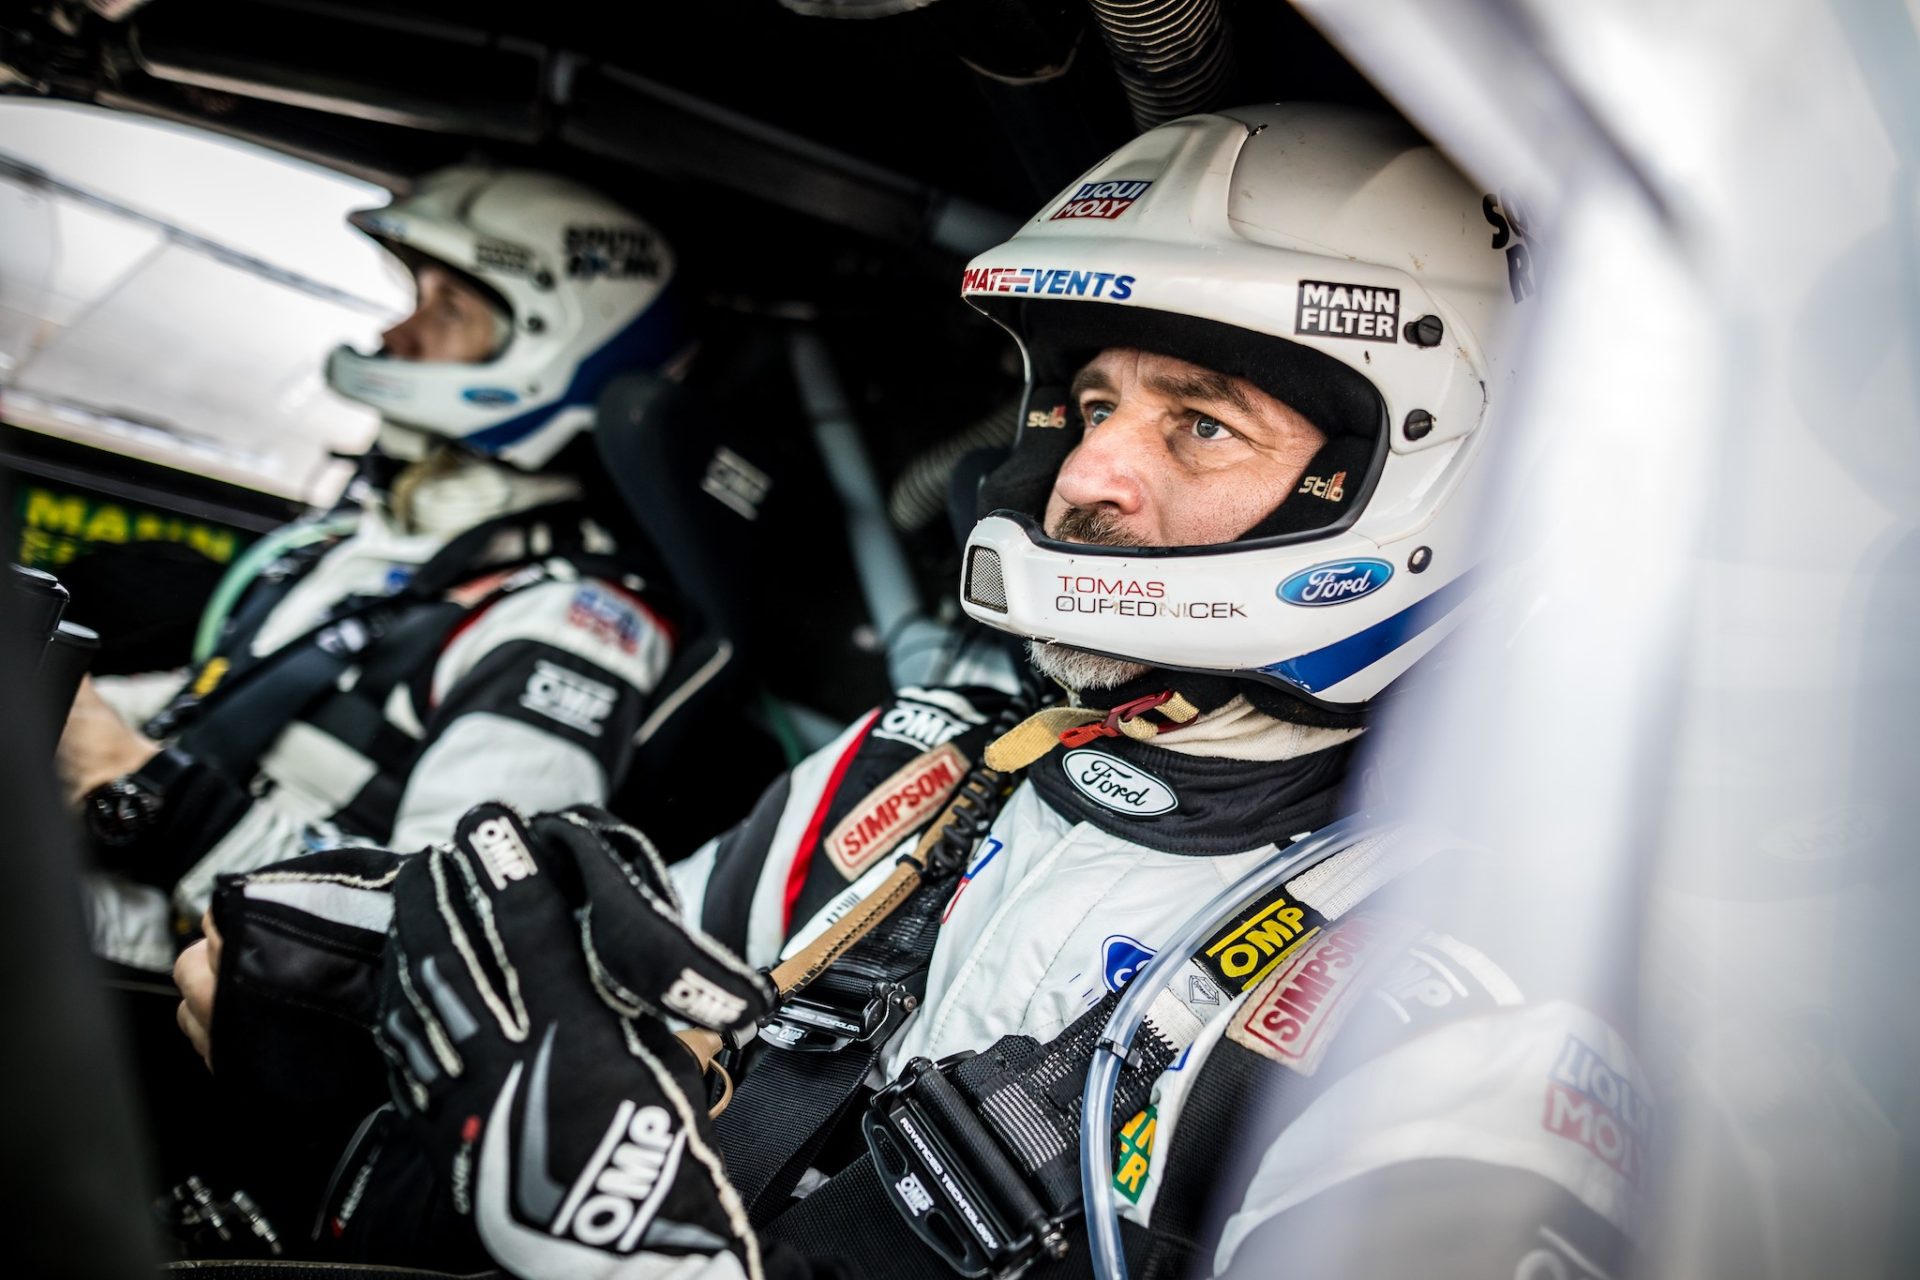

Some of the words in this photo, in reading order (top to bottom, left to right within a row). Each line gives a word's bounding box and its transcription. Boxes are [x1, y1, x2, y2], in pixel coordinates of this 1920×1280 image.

[1054, 200, 1131, 217] MOLY
[1073, 182, 1149, 200] LIQUI
[1303, 284, 1395, 314] MANN
[1301, 308, 1394, 337] FILTER
[1058, 576, 1165, 598] TOMAS
[1302, 566, 1372, 601] Ford
[524, 669, 614, 722] OMP
[1081, 760, 1150, 806] Ford
[843, 762, 954, 856] SIMPSON
[476, 819, 531, 881] OMP
[1220, 907, 1304, 977] OMP
[668, 979, 742, 1024] OMP
[1262, 917, 1374, 1043] SIMPSO
[572, 1105, 673, 1245] OMP
[900, 1117, 943, 1175] ADVANCED
[942, 1173, 998, 1249] TECHNOLOGY
[900, 1176, 930, 1211] OMP
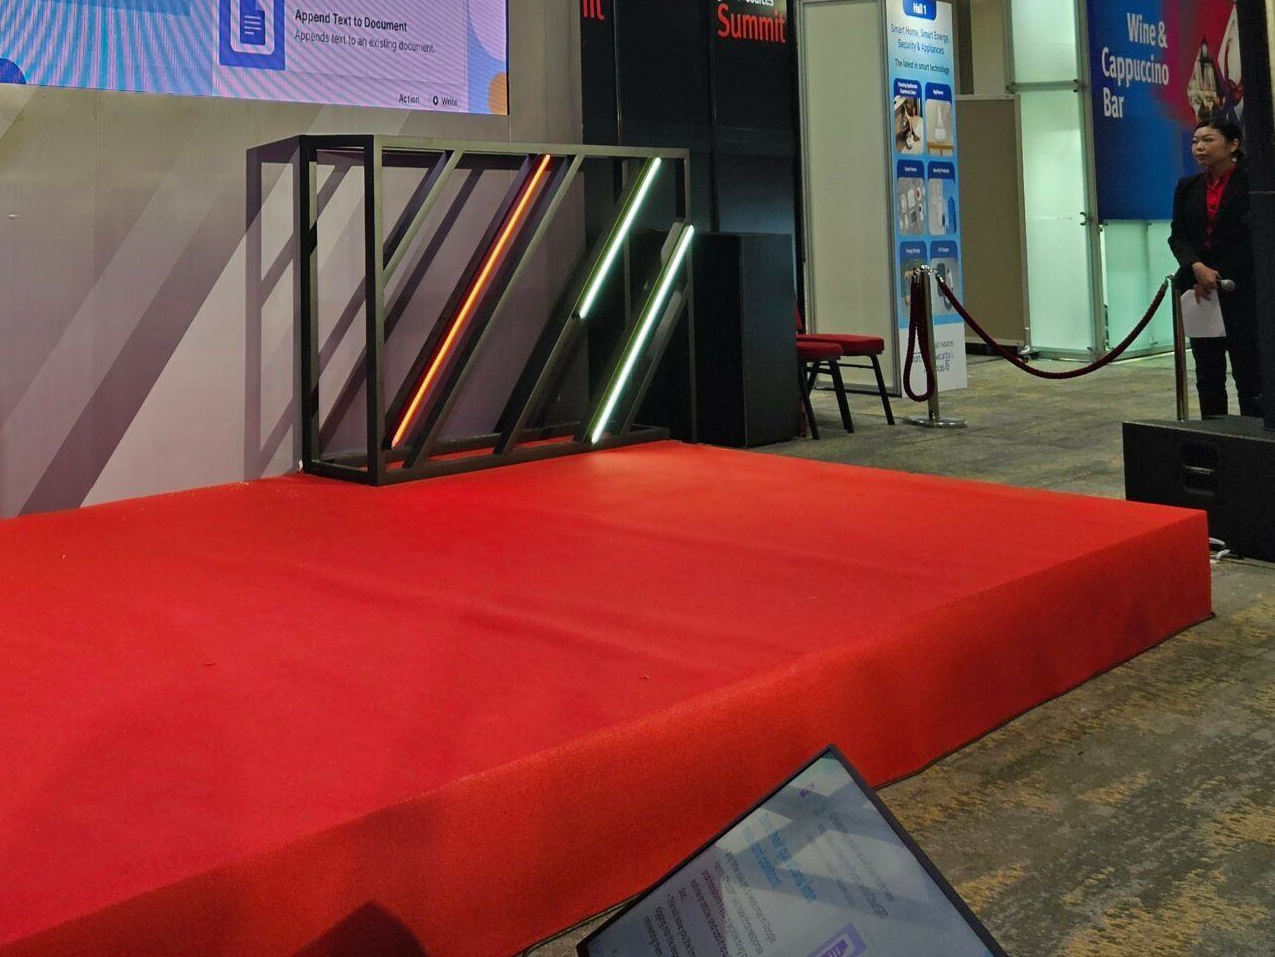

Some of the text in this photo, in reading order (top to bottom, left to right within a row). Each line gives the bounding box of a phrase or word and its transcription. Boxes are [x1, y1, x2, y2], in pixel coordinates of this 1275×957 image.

[295, 9, 407, 33] Append Text to Document
[717, 3, 786, 43] Summit
[1126, 12, 1169, 49] Wine &
[294, 29, 329, 46] Appends
[331, 34, 347, 45] text
[348, 35, 356, 46] to
[357, 38, 367, 47] an
[368, 37, 397, 53] existing
[1101, 46, 1170, 88] Cappuccino
[1103, 86, 1125, 119] Bar
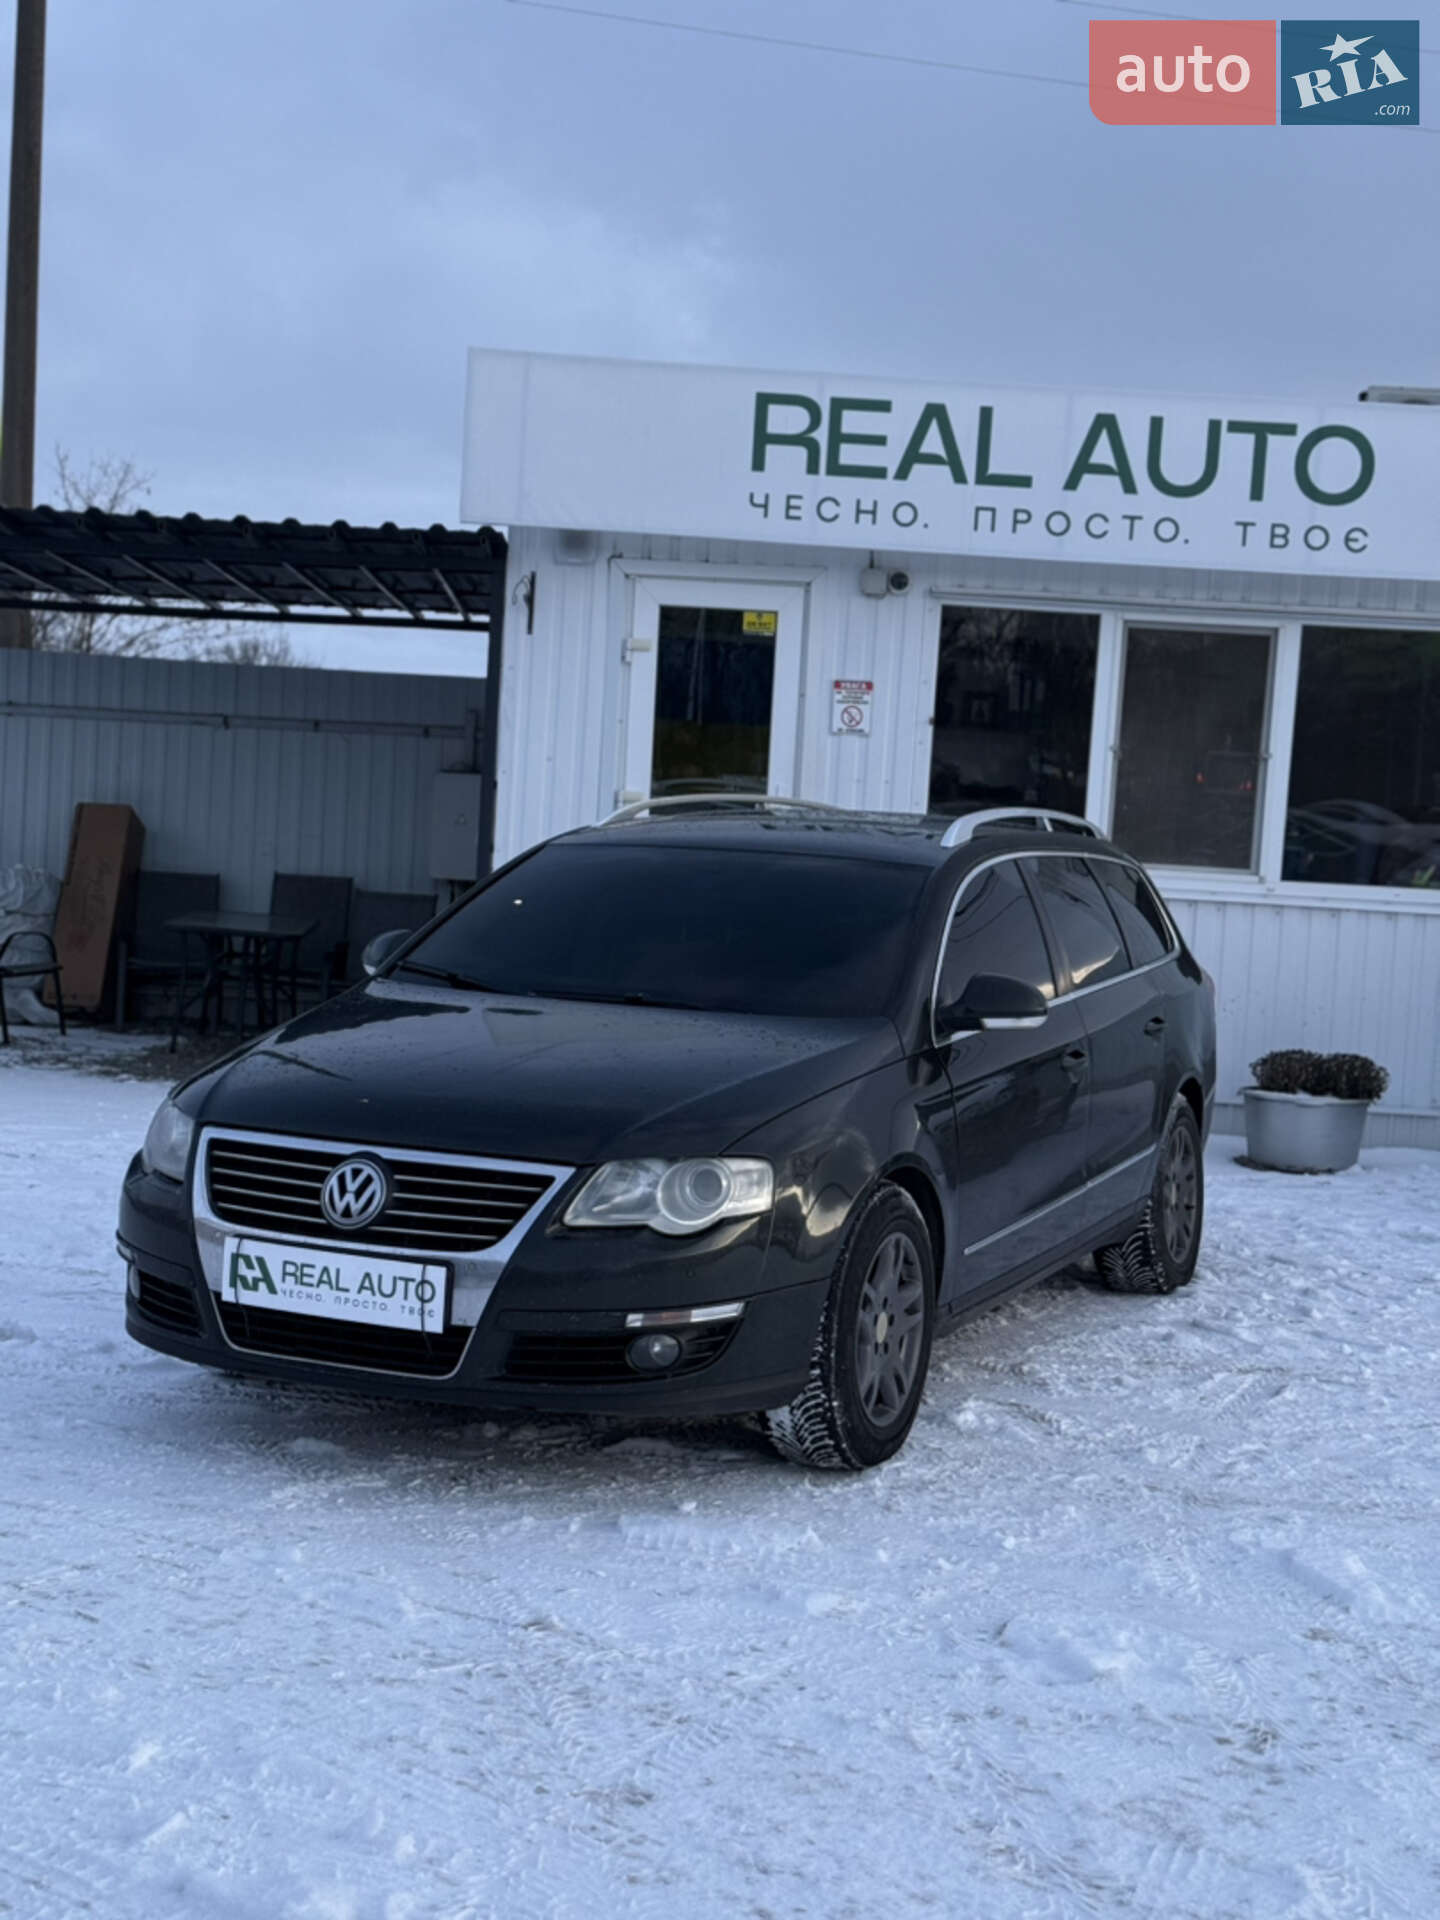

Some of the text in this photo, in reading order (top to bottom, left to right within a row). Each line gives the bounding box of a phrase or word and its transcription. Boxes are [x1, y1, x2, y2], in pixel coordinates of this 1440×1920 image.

[751, 392, 1376, 507] REAL AUTO
[749, 492, 1369, 554] ЧЕСНО. ПРОСТО. ТВОЄ
[281, 1260, 436, 1304] REAL AUTO
*****
• _TASK INSTRUCTIONS_: The records above must be repeated in full and exactly, but without any of the pictures.

• _TASK RESPONSE_:
Some of the words in this photo, in reading order (top to bottom, left to right within a row). Each line gives a word's bounding box and its transcription. Boxes are [x1, y1, x2, y2], in pixel coordinates of this 1920×1280 image.

[1054, 200, 1131, 217] MOLY
[1073, 182, 1149, 200] LIQUI
[1303, 284, 1395, 314] MANN
[1301, 308, 1394, 337] FILTER
[1058, 576, 1165, 598] TOMAS
[1302, 566, 1372, 601] Ford
[524, 669, 614, 722] OMP
[1081, 760, 1150, 806] Ford
[843, 762, 954, 856] SIMPSON
[476, 819, 531, 881] OMP
[1220, 907, 1304, 977] OMP
[668, 979, 742, 1024] OMP
[1262, 917, 1374, 1043] SIMPSO
[572, 1105, 673, 1245] OMP
[900, 1117, 943, 1175] ADVANCED
[942, 1173, 998, 1249] TECHNOLOGY
[900, 1176, 930, 1211] OMP

Some of the text in this photo, in reading order (top to bottom, left to right within a row). Each line gives the bounding box of a phrase or word and its transcription. Boxes are [x1, y1, x2, y2], in pixel coordinates of this 1275×957 image.

[295, 9, 407, 33] Append Text to Document
[717, 3, 786, 43] Summit
[1126, 12, 1169, 49] Wine &
[294, 29, 329, 46] Appends
[331, 34, 347, 45] text
[348, 35, 356, 46] to
[357, 38, 367, 47] an
[368, 37, 397, 53] existing
[1101, 46, 1170, 88] Cappuccino
[1103, 86, 1125, 119] Bar

Some of the text in this photo, in reading order (top to bottom, left to right within a row). Each line gives the bounding box of a phrase or word and its transcription. Boxes are [x1, y1, x2, y2], in pixel coordinates of this 1440×1920 image.

[751, 392, 1376, 507] REAL AUTO
[749, 492, 1369, 554] ЧЕСНО. ПРОСТО. ТВОЄ
[281, 1260, 436, 1304] REAL AUTO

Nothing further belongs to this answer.